Yes, of course. Any “modular” synthesizer lets you do this. In modular language, the LFO would have an output, and the other module (let’s say it’s a filter) would have an input (let’s say it’s the cutoff frequency modulation input). You “patch” the LFO output to the filter input and voila.
This metaphor, however, is probably different from what you are used to in your DAW or VST synthesizer plugin.
If you continue your interest in VCV, you will want to learn the fundamentals. If you search this forum you will find many, many many resources that will be useful.
VCO-1’s V/OCT input is the pitch input. (That’s a standard convention in modular, invented I think by Bob Moog, where voltage changes pitch and 1 volt means one octave change, hence V/OCT). So if you put CV into that input, it covers the function of both the FREQ and FINE knobs.

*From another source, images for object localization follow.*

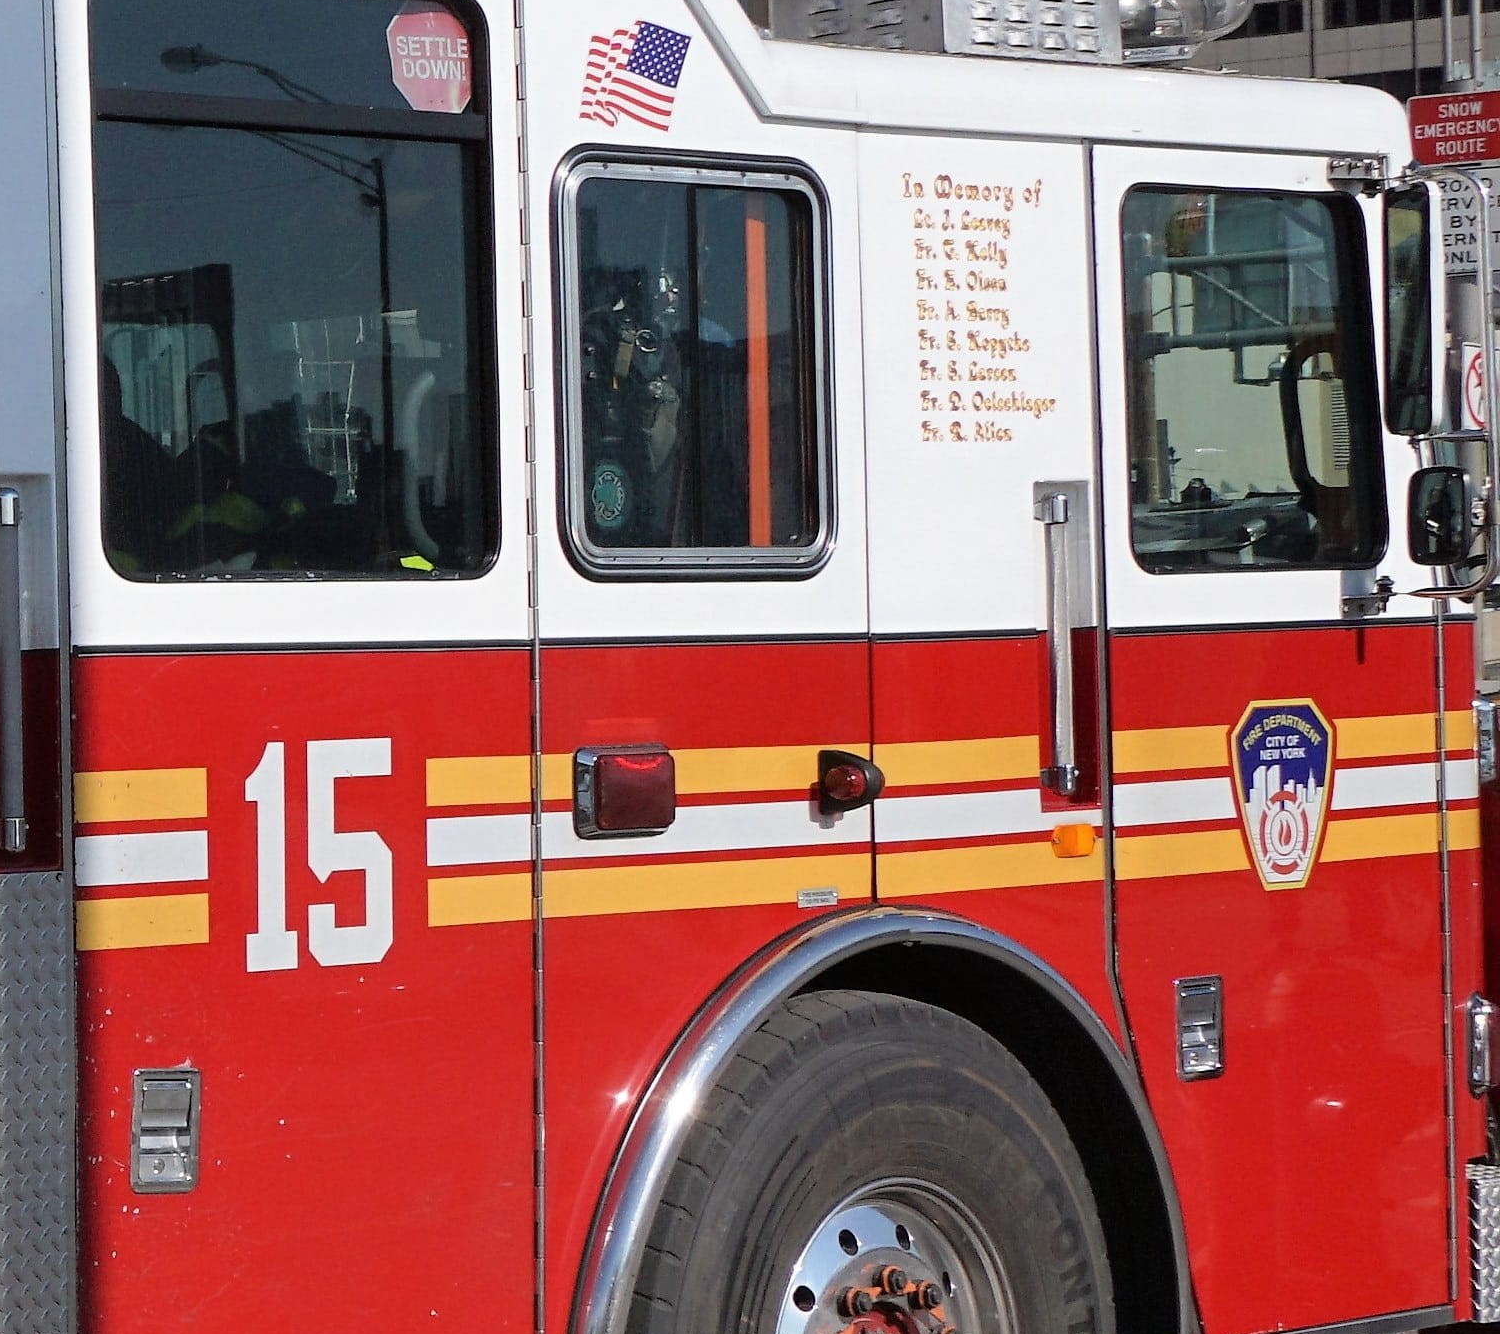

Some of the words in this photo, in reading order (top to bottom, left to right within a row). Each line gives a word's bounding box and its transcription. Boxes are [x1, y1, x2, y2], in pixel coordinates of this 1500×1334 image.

[396, 35, 469, 58] SETTLE
[402, 58, 467, 81] DOWN!
[1438, 101, 1483, 118] SNOW
[1435, 138, 1487, 156] ROUTE
[902, 173, 924, 198] In
[933, 174, 1014, 211] Memory
[1022, 179, 1042, 208] of
[1450, 216, 1477, 229] BY
[1242, 724, 1264, 751] FIRE
[1263, 714, 1322, 746] DEPARTMENT
[1266, 736, 1286, 747] CITY
[1286, 735, 1300, 746] OF
[1260, 749, 1280, 760] NEW
[1281, 748, 1306, 759] YORK
[243, 736, 395, 973] 15

If you want to turn knobs (flip switches, etc.) with CV, especially when there’s no input available (as with the VCO-1 ANLG/DIGI and HARD/SOFT switches), @computerscare gave you a good recommendation. CV-Map is the full version (edit: here’s the manual, which is great; you’ll see that the library descriptions are often pretty minimal but the little “User manual” link is gold):
You can also do this with MIDI with
or the more advanced Stoermelder MIDI-CAT:
A friendly meta-comment: it sounds like you’re having a strong early engagement with Rack, and that’s great–I look forward to hearing the music you produce!–but I’ll echo what others have said that you may want to start with browsing existing posts on the forum, working through some tutorials, etc. Omri Cohen on Youtube is a great place to start. That way the forum will be a fresh resource for help you really need and that’s not already available elsewhere
Instead of asking all these questions and expecting to be spoon-fed answers (without ever a thank you as far as I can see), please take some time yourself to learn the basics. There are some excellent VCV tutorials on Youtube that will get you started and the thread linked below contains some great resources.
It’s fine to ask specific questions when you run into a problem, and the community here are very helpful, but you do need to put in some effort of your own to learn rather than just spam the forum with endless basic questions.